# Going rate for an MC2 ?



## gingerneil (Aug 21, 2014)

I'm keeping an eye out for a used (but good condition) MC2. How much should I expect to spend ? Looking on 'completed listings' on ebay, they vary wildly. I always think ebay is a good guide to human nature and the strange desire to overpay for something when its sold by auction, rather than a guide to price!


----------



## Mrboots2u (May 10, 2013)

Depending on age and condition I've seen them go for between £50-£100 on here .
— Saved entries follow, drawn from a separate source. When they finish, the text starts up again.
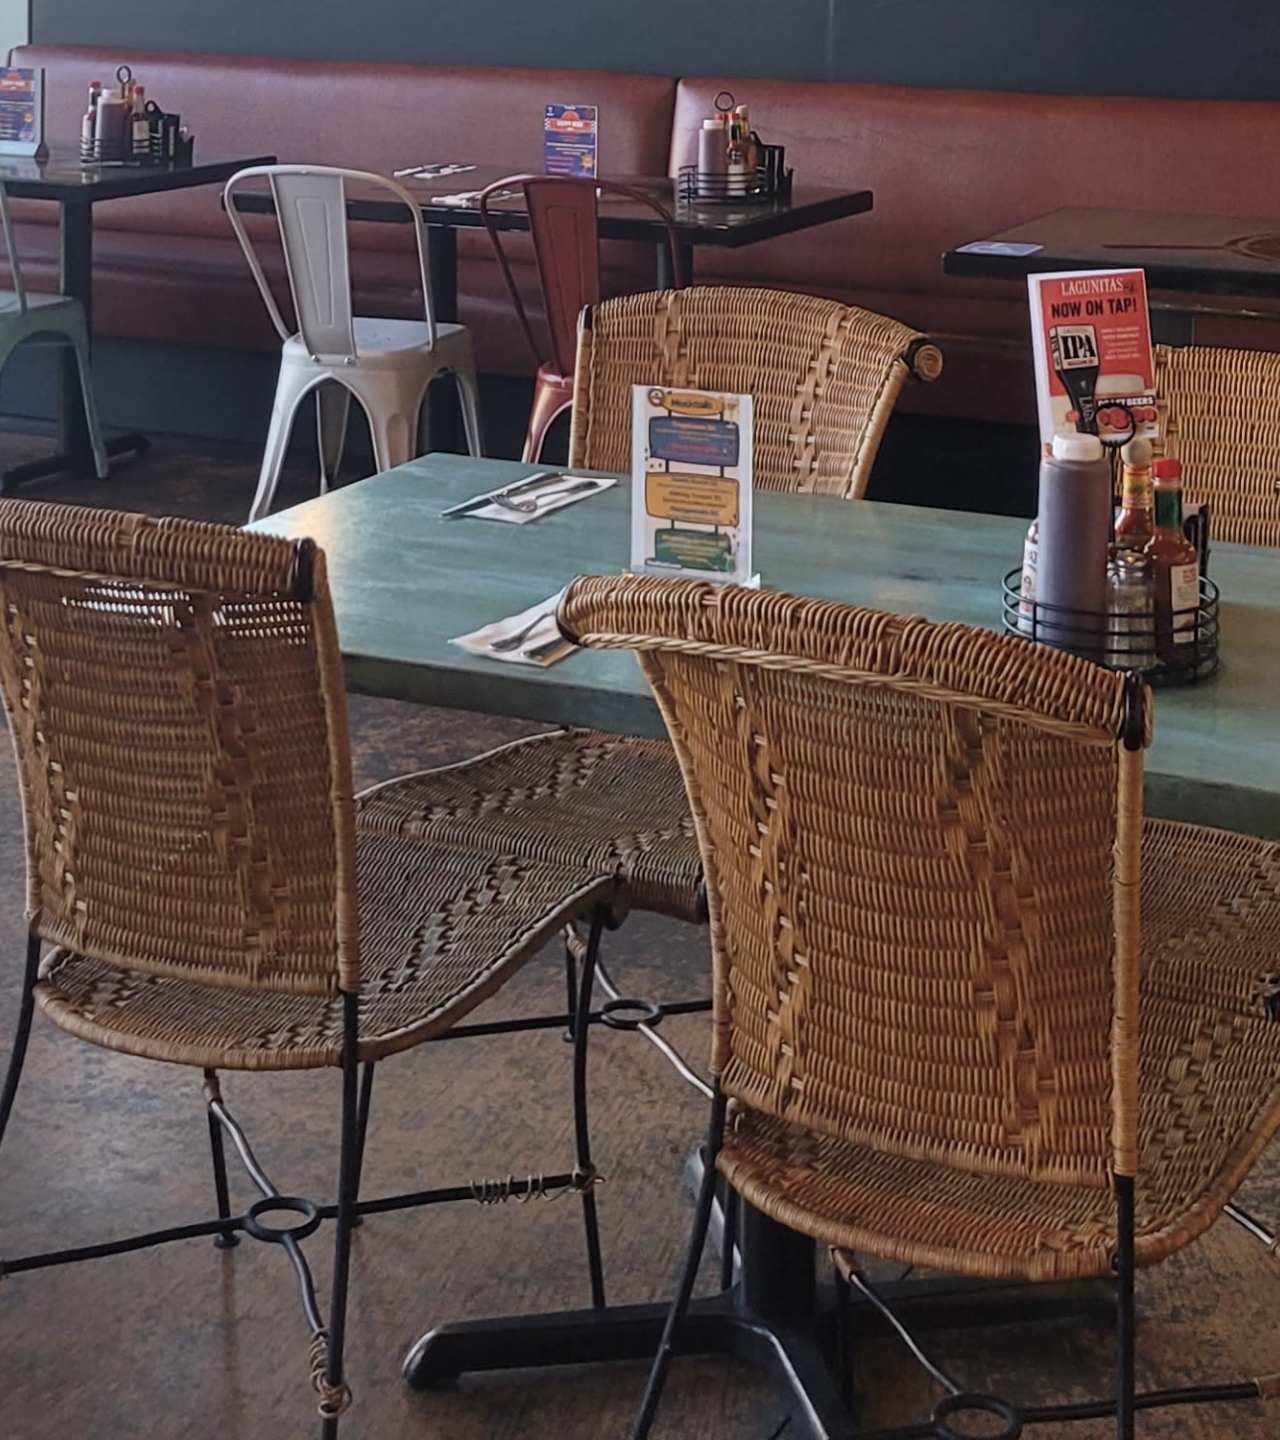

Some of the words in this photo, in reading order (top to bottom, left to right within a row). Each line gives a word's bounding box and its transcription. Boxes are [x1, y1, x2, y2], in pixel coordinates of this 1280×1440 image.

[1061, 278, 1124, 297] LAGUNITAS
[1051, 301, 1082, 318] NOW
[1085, 300, 1103, 316] ON
[1108, 297, 1137, 315] TAP!
[1061, 335, 1096, 360] IPA
£50 scratched needing a clean , possibly new burrs

£100 " I've had it for 2 months and realise I want something else "


----------



## gingerneil (Aug 21, 2014)

Great - thanks. Helps me know when to stop and be more patient on ebay items!


----------



## Mrboots2u (May 10, 2013)

gingerneil said:


> Great - thanks. Helps me know when to stop and be more patient on ebay items!


If it's ebay I'd be looking at the bargain end of the prices , stuff bought from the forum tends to be better looked and in general you can buy with confidence from regular members ..

eBay gumtree I'd wanna pay little less £40-60 if possible


----------



## Dylan (Dec 5, 2011)

As soon as a grinder get popular for its price bracket, prices go a bit crazy on ebay. The best bargains on ebay are to be had on items that don't have a name for themselves in the 'layman' crowd. Keep an eye out for collection only as these can go for half the price, also worth keeping an eye on the Sage smart grinder on ebay as these go in the £80ish price bracket sometimes and are a notch above the MC2 and much easier to use.


----------



## Mrboots2u (May 10, 2013)

Graef cm800 - muddy bought one of these and gave it a thumbs it as an entry level grinder , see how much they are going for


----------



## gingerneil (Aug 21, 2014)

Thanks.

Looking at this one at the moment -but I wont bid any higher than my current highest (winning) bid.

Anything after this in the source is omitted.